Specific Primers of the Resistant Genes:

(10) TABLE-US-00004 Hyg-f: (SEQ ID NO: 4) 5′-ACGGTGTCGTCCATCACAGTTTGCC-3′,, Hyg-r: (SEQ ID NO: 5) 5′-TTCCGGAAGTGCTTGACATTGGGA-3′.,
5) Knock-out test for positive seedlings. Design detection primers targeting near the target sequence to perform PCR application reactions, then sequence the PCR products, and determine whether the target gene was knocked out (or whether a homozygous knockout seedling was obtained). Finally, the seedlings, which were homozygous for the knocked out AT5G10530 gene, were successfully obtained from B. tabaci-sensitive A. thaliana.

(11) 3. Identification of Insect Resistance of Knockout Seedlings of A. thaliana

(12) The seedlings, which were homozygous for the knocked out AT5G10530 gene, of insect-sensitive A. thaliana, were tested for their resistance to B. tabaci.
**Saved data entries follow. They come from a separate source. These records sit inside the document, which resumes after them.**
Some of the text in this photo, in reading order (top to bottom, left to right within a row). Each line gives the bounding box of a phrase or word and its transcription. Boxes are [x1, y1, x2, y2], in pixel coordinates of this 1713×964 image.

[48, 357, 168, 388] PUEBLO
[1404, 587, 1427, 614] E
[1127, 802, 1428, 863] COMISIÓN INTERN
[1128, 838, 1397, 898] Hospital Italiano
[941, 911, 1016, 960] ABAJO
It was demonstrated that these homozygous seedlings having knockout of AT5G10530 gene had strong resistance to Bemisia tabaci with Antibiosis Scores between 30 and 45. Antibiosis Score is one of the parameters for judging the antibiosis level of a plant, and a plant is considered to be a high-resistant variety when it has an Antibiosis Score of less than 60. Thus, the result indicated that the insect-sensitive A. thaliana was conferred with high insect resistance by knocking out AT5G10530 gene.